Non-Subscriber Extract
Fortress Olympics - counting the cost of major event security
By Alphus Hinds and Elina Vlachou
09 April 2007
High-profile events such as the summer and winter Olympic Games, FIFA World Cup and Asian Games, have become among the pre-eminent global spectacles of our time as television, the internet and other communications technologies have brought coverage of them to hundreds of millions of people worldwide. However, this coverage ensures that the attraction of a non-state attack at such an event remains high for any group wishing to publicise its cause.
Indeed, major events have been on the target list of terrorist groups since the 1972 Munich Olympics massacre, when 11 Israeli athletes were killed. Since that watershed event, security has risen steadily on the agenda of major sporting event planners. Yet it is only since the 11 September 2001 attacks on the US that public safety expenditure has become as synonymous with such events as the feats of sporting prowess the games are intended to celebrate.
This shifting security paradigm presents a number of key questions for organisers, namely: how is the major event security paradigm defined? To what extent is hosting the Olympics an accurate litmus test of national security preparedness in general? What has been the perceived wisdom regarding the nature of the terrorist threat to major sporting events and is that perception an accurate one? And finally, what is the future trajectory of the terrorist threat to the Beijing 2008 and London 2012 Olympic Games and what might security for these events look like?
Although Munich 1972 proved to be a historic milestone for major event security planning, its significance in shaping Olympic security for the last three summer Olympic Games has been minimal. The scale and scope of threats arraigned against current major events is of an entirely different order to that which faced planners in 1972.
In recent years, security for Olympic events has been influenced significantly by major terrorist incidents occurring in the lead-up to the games themselves. In the case of Atlanta 1996, the prime security drivers were the bombings of the World Trade Center in New York City in 1993 and the federal government building in Oklahoma City in 1995. The attacks represented a cross-section of the domestic and transnational terrorist threat spectrum faced by the US and Atlanta Olympic planners.

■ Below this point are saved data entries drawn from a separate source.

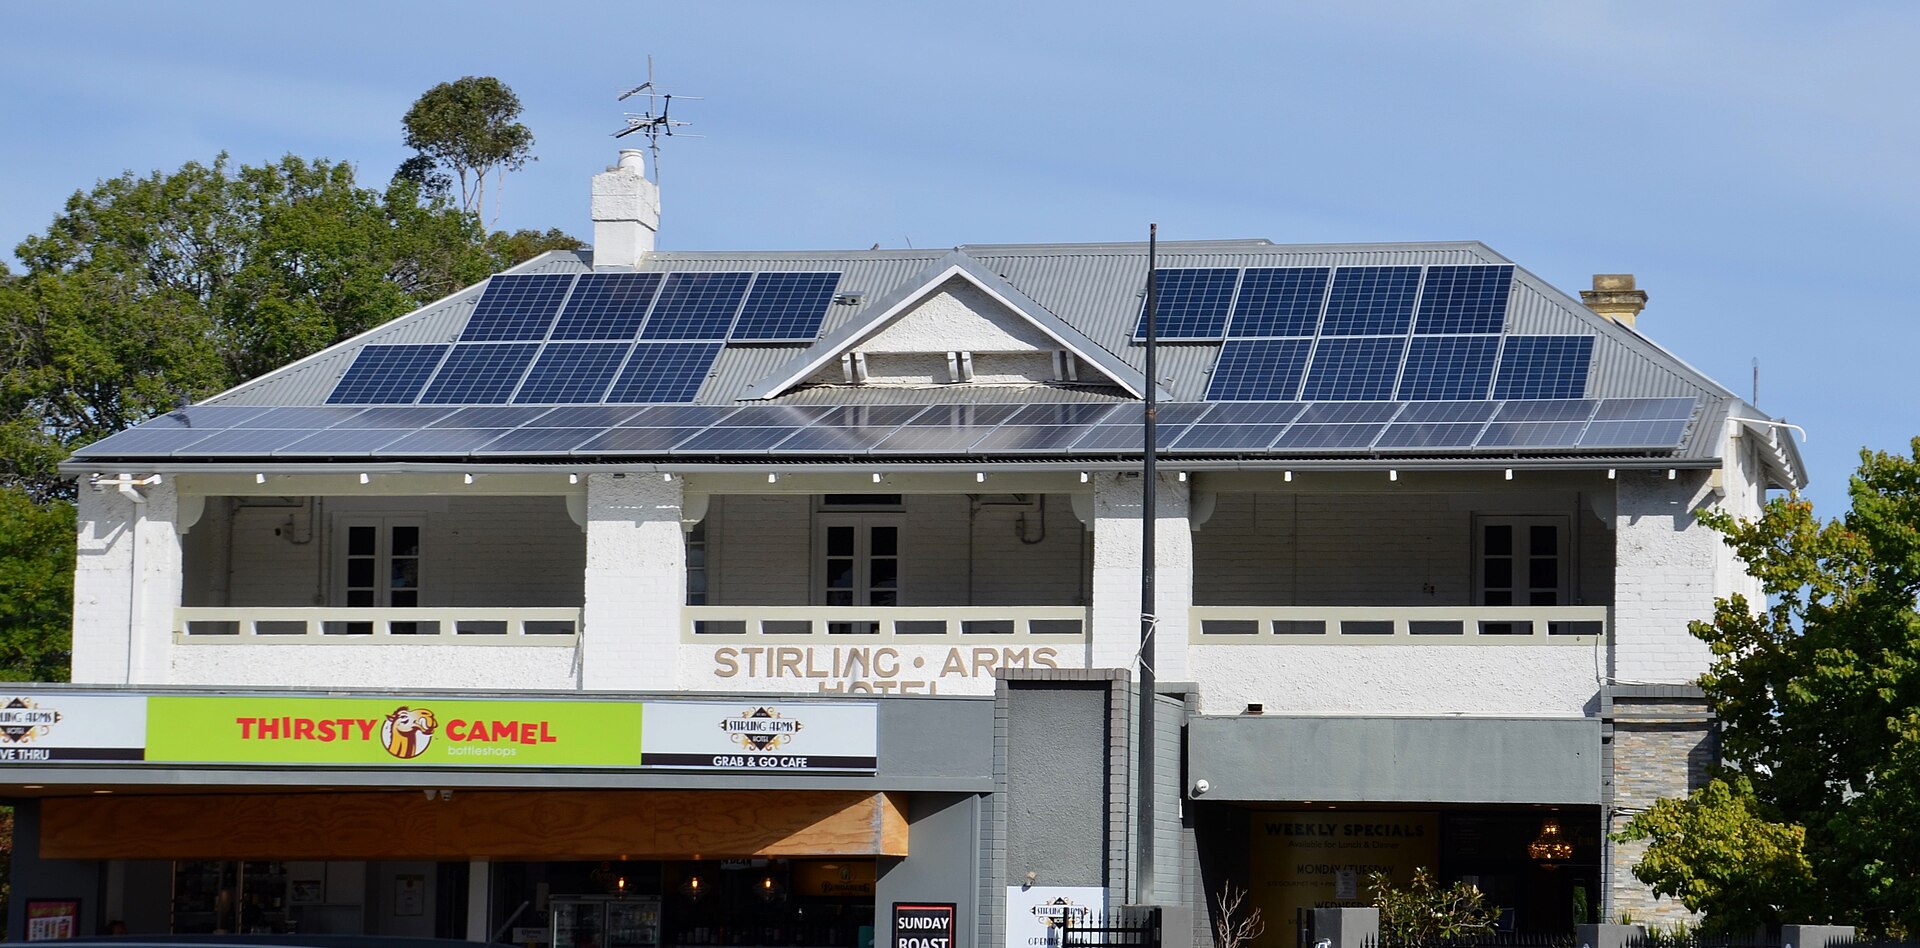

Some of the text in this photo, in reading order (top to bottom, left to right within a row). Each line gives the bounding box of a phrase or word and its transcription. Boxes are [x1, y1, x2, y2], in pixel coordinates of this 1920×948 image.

[713, 647, 1058, 678] STIRLING ARMS
[25, 712, 52, 723] ARMS
[236, 716, 557, 745] THIRSTY CAMEL
[729, 720, 793, 732] STIRLING ARMS
[752, 735, 769, 743] HOTEL
[18, 749, 50, 760] THRU
[447, 746, 517, 757] bottleshops
[713, 756, 808, 768] GRAB & GO CAFE
[1264, 823, 1425, 837] WEEKLY SPECIALS
[1287, 840, 1400, 849] Available for Lunch & Dinner
[1296, 863, 1342, 875] MONDAY
[1348, 864, 1395, 875] TUESDAY
[1037, 907, 1064, 916] STIRLING
[898, 917, 950, 930] SUNDAY
[898, 938, 949, 948] ROAST
[1028, 937, 1061, 946] OPENING
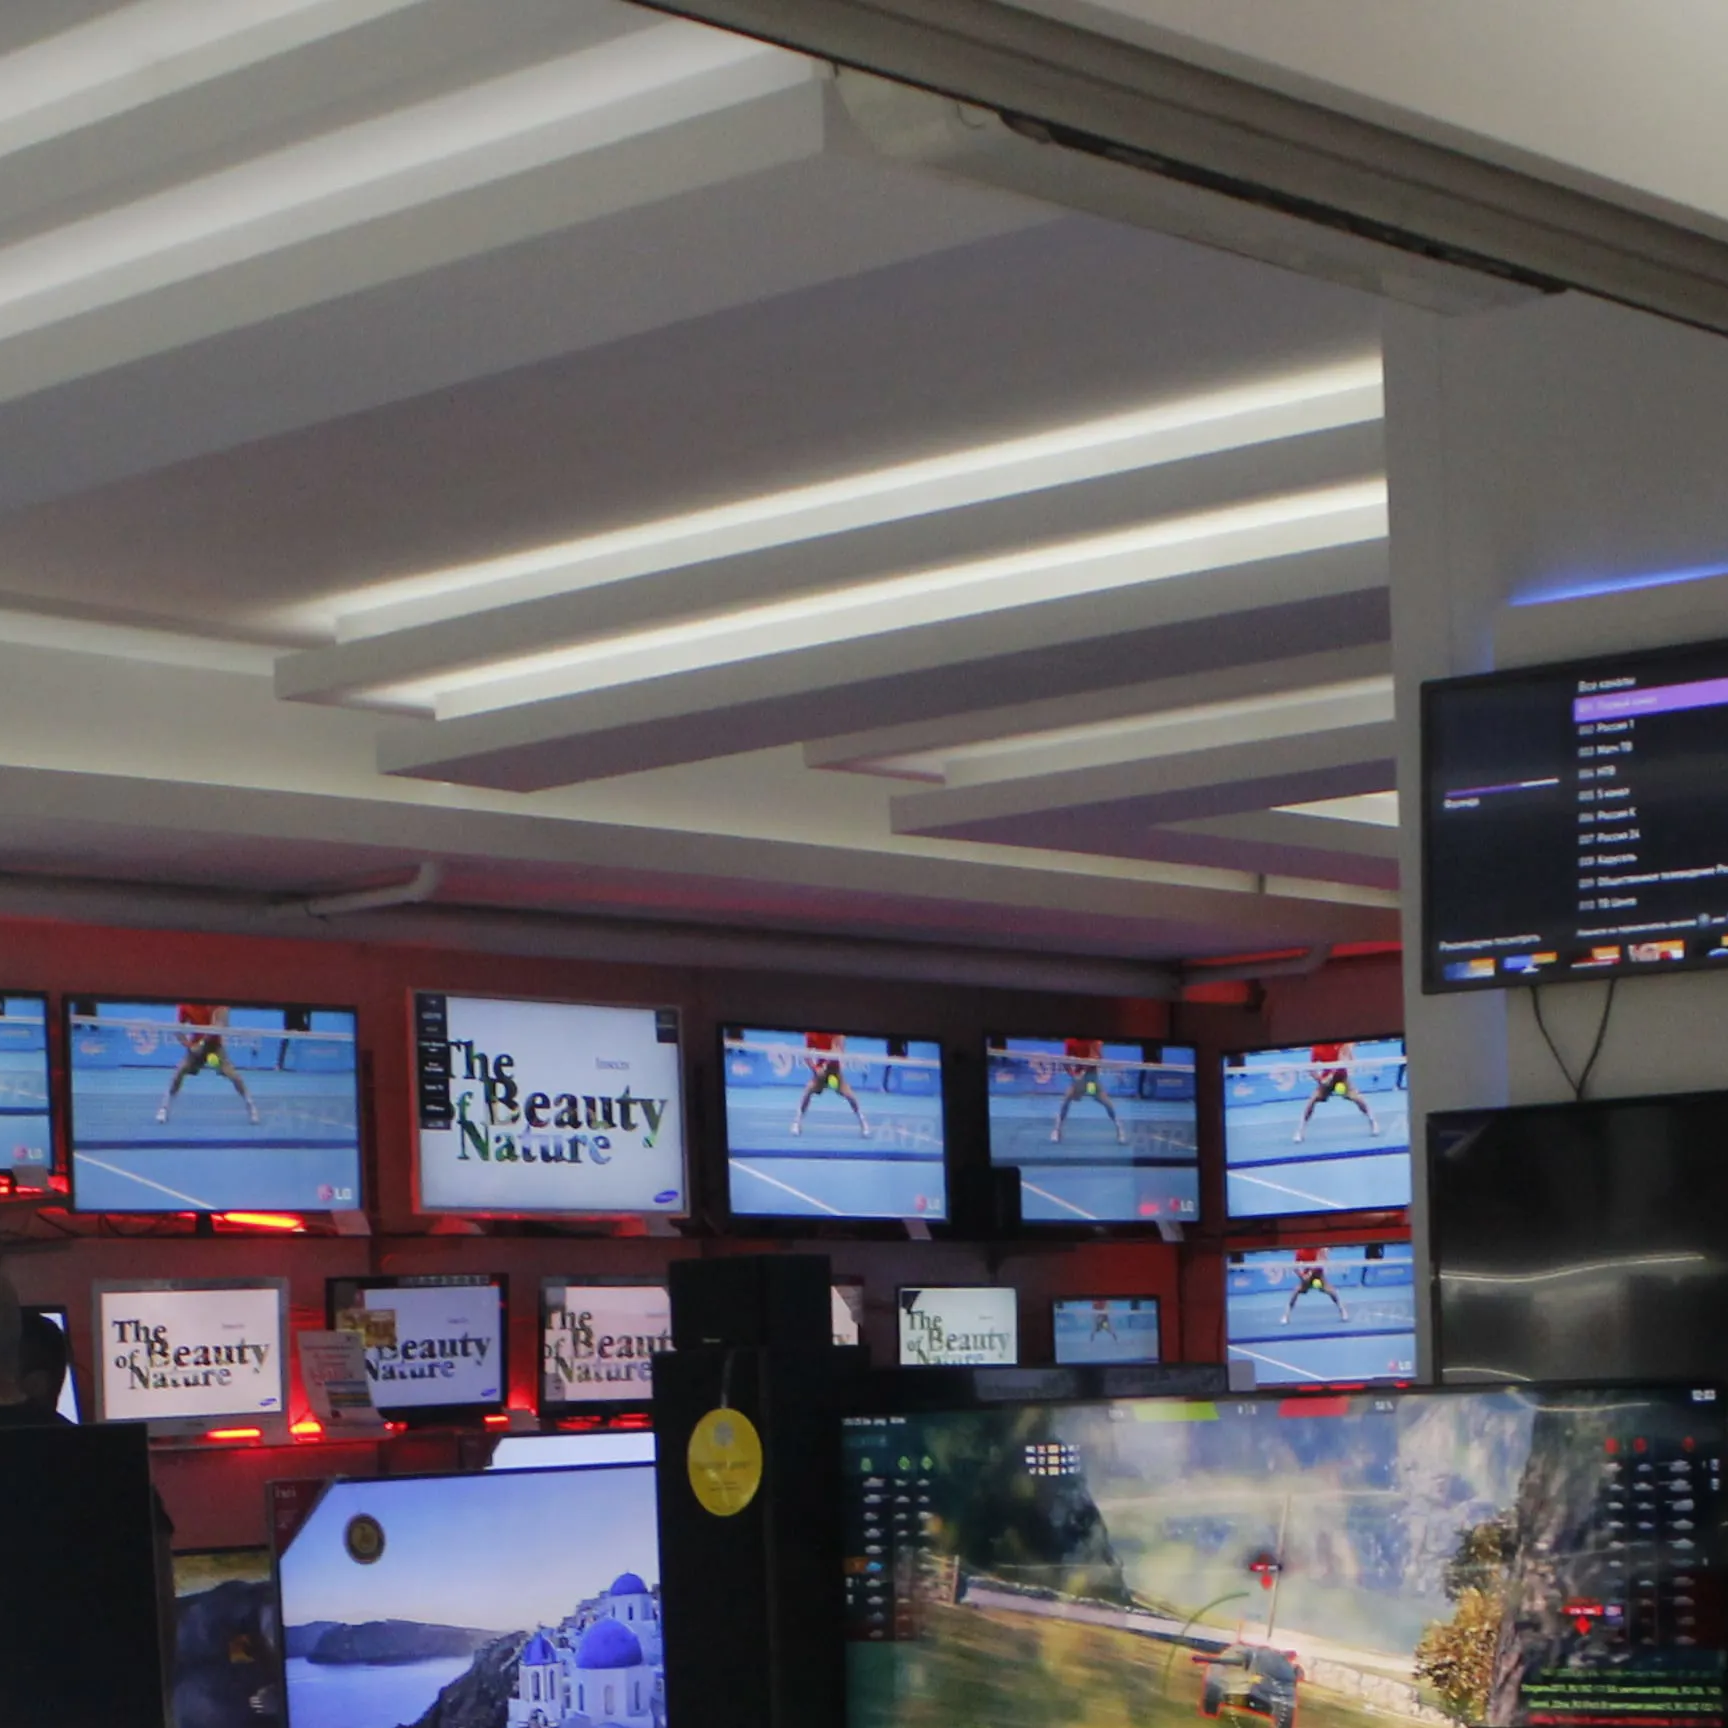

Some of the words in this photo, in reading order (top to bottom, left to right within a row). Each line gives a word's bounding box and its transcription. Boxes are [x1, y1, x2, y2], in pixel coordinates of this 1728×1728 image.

Unsurprisingly, the 2004 Athens Games marked a watershed in major event security planning, as concern was heightened over transnational, non-state threats in the wake of the 11 September 2001 attacks on the US. The Athens Games therefore created a 'garrison' host city and a 'fortress' Olympics where concerns over the terrorist threat - both foreign and domestic - drove the development of ambitious and expensive security procedures. This in turn has led to a mindset among security planners that a bubble of 'absolute security' is necessary for the duration of the event.
In line with this perception, the cost burden of providing security at such events has risen dramatically. The security budgets for both Beijing 2008 and London 2012 are likely to supersede that of Athens 2004, although Athens had a lower security infrastructure base to start with in comparison to a city such as London.